Let’s cut right to the chase. Open air pollinated morning glories, especially the Japanese varieties, readily cross with each other and will create new combinations of traits at the drop of a hat. From the many sources on the web that I have browsed, open air pollination is used by virtually all gardeners, professional and private alike, to produce their seeds. There are various tips and tricks that I have read about, like keeping your cultivars of the same species at least a quarter mile apart to prevent crossing, but not much out there about an easy way to protect your plant from cross pollination, aside from growing it indoors away from any potential other variety. Keep in mind seeds taken from the “middle” of the plant have a better chance of being “true” compared with the seeds collected from the outer edges of the vine where insects carrying the genetic material from other cultivars are more likely to encounter the opportunity to help cross your cultivar.

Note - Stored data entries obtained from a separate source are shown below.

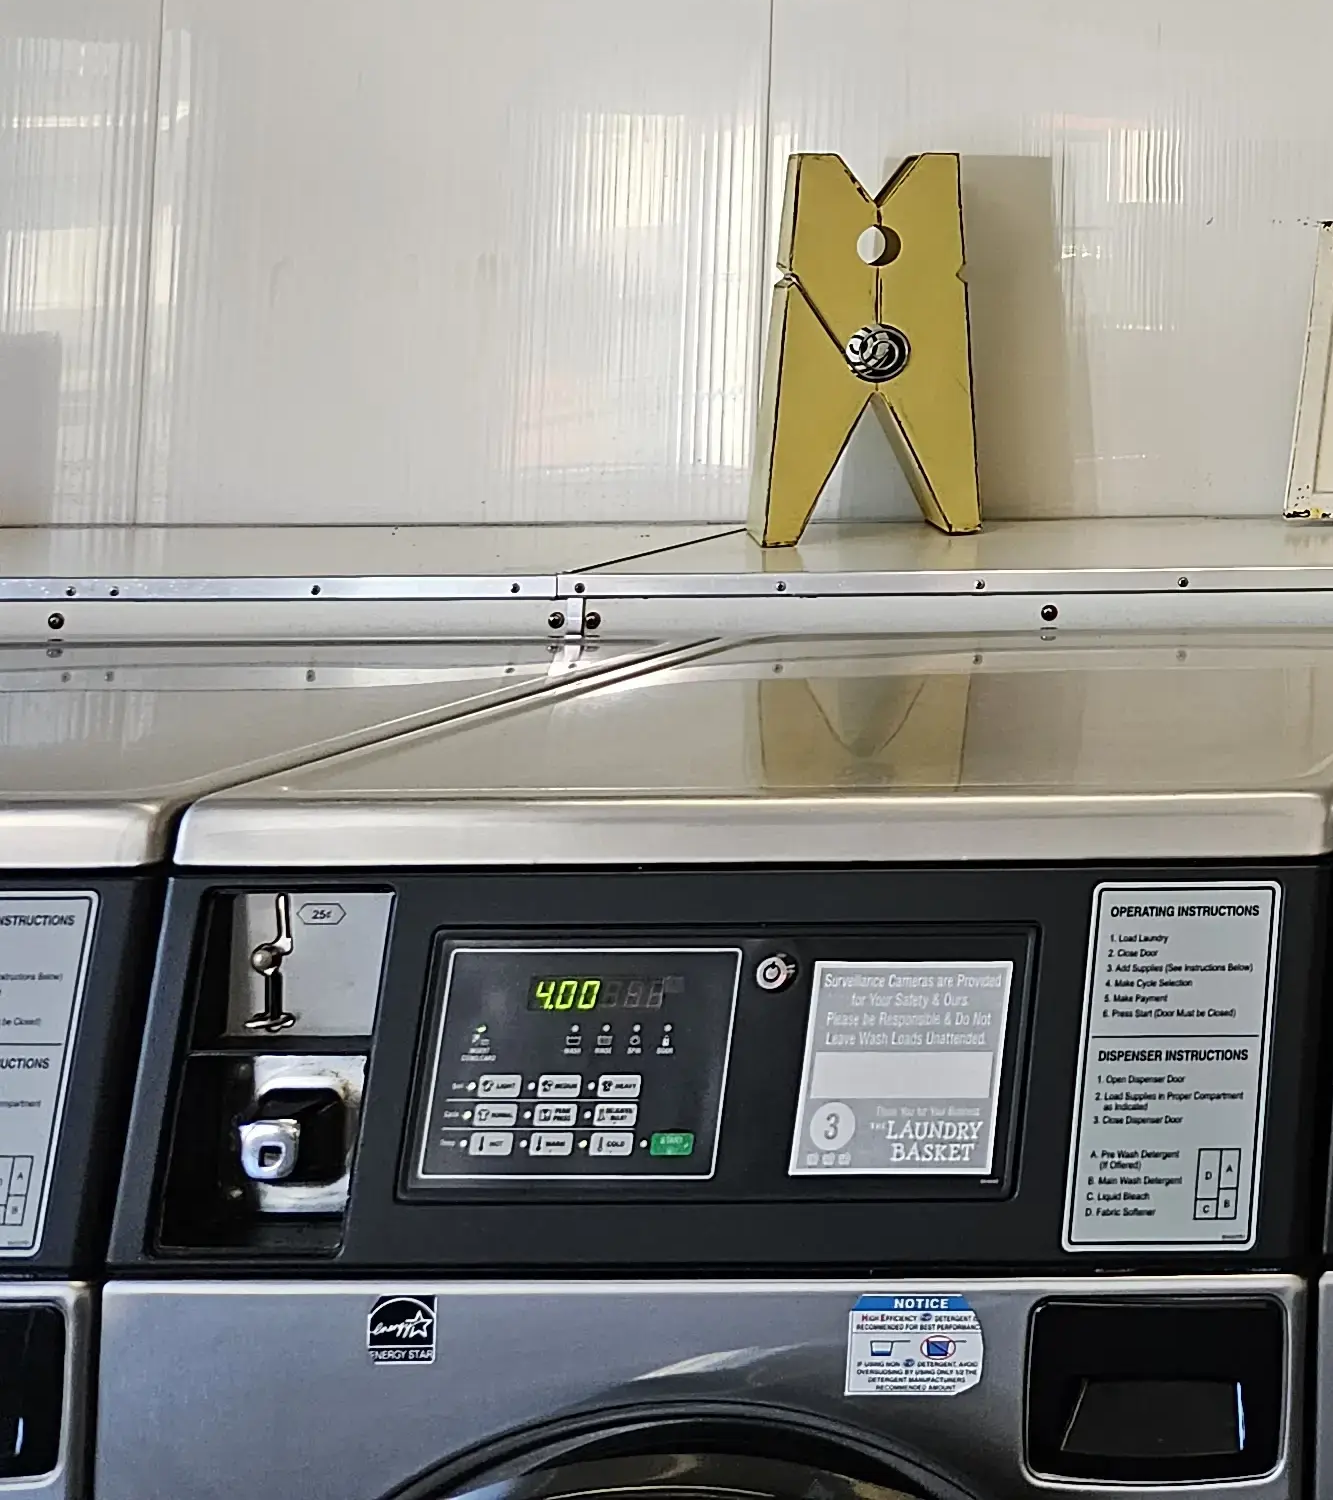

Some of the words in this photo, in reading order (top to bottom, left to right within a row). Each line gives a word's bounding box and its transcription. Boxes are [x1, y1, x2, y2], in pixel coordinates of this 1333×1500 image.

[1111, 906, 1175, 917] OPERATING
[1177, 905, 1260, 917] INSTRUCTIONS
[535, 980, 600, 1010] 4.00
[1098, 1050, 1162, 1061] DISPENSER
[1165, 1050, 1248, 1061] INSTRUCTIONS
[824, 1113, 840, 1139] 3
[885, 1120, 983, 1139] LAUNDRY
[890, 1143, 975, 1162] BASKET
[894, 1299, 949, 1309] NOTICE
[409, 1350, 433, 1359] STAR

Finding a crossed variety among your seeds can be very fortuitous as it provides the gardener with a brand new type of morning glory which can then be refined and sold. Think twice before removing any odd morning glories you find among your expected cultivar. It could be one in a million!
Open pollination is pollination by insects, birds, wind, or other natural mechanisms, and contrasts with cleistogamy, closed pollination, which is one of the many types of self pollination.[1] Open pollination also contrasts with controlled pollination, a procedure used to ensure that all seeds of a crop are descended from parents with known traits, and are therefore more likely to have the desired traits.The seeds of open-pollinated plants will produce new generations of those plants; however, because breeding is uncontrolled and the pollen (male parent) source is unknown, open pollination may result in plants that vary widely in genetic traits. Open pollination may increase biodiversity.

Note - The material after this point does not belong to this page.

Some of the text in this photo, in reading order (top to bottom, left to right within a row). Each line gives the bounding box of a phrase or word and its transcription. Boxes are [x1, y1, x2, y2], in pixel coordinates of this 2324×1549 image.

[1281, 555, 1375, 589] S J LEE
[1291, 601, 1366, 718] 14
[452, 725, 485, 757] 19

Some plants (such as many crops) are primarily self pollenizing and also breed true, so that even under open pollination conditions the next generation will be (almost) the same. Even among true breeding organisms, some variation due to genetic recombination or to mutation can produce a few “off types”.
One of the bigger challenges in maintaining a strain by open pollination is avoiding introduction of pollen from other strains. Based on how broadly the pollen for the plant tends to disperse, it can be controlled to varying degrees by greenhouses, tall wall enclosures, or field isolation.
Popular examples of plants produced under open pollination conditions include heirloom tomatoes.